Figure 3.

Activation of either MyD88-dependent or TRIF-dependent signaling pathways increases MyD88-S production. A, simplified schematic depicting TLR signaling pathways. LPS is sensed by TLR4, which sequentially uses two adaptor proteins, MyD88 and TRIF, to transduce downstream signals. PAM3CSK4 stimulates TLR2, which uses the MyD88 signaling adaptor to transduce downstream signals. Poly(I:C) stimulates TLR3, which uses the TRIF signaling adaptor to transduce downstream signals. RAW264.7 cells were stimulated for 48 h with either 200 ng/ml LPS, 200 ng/ml PAM3CSK4 (P3C), 10 μg/ml poly(I:C) (pIC), or no agonist, as indicated, and either TNFα production was monitored by ELISA (B) or MyD88-L and MyD88-S expression was monitored by qPCR in conjunction with isoform-specific primers (C and D).

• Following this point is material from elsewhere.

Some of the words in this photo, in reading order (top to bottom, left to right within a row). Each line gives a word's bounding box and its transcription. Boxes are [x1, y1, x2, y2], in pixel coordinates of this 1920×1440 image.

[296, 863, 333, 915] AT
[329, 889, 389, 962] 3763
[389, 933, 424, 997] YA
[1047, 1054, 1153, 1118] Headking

In a separate study, RAW264.7 cells were stimulated with the same concentrations of the indicated TLR agonists, and qPCR was used to monitor MyD88-L and MyD88-S production 1 h after challenge (E and F). All experiments represent a minimum of three independent biological replicates. Data are normalized so that MyD88-L or MyD88-S expression in the absence of LPS is set to 1. *, p < 0.05.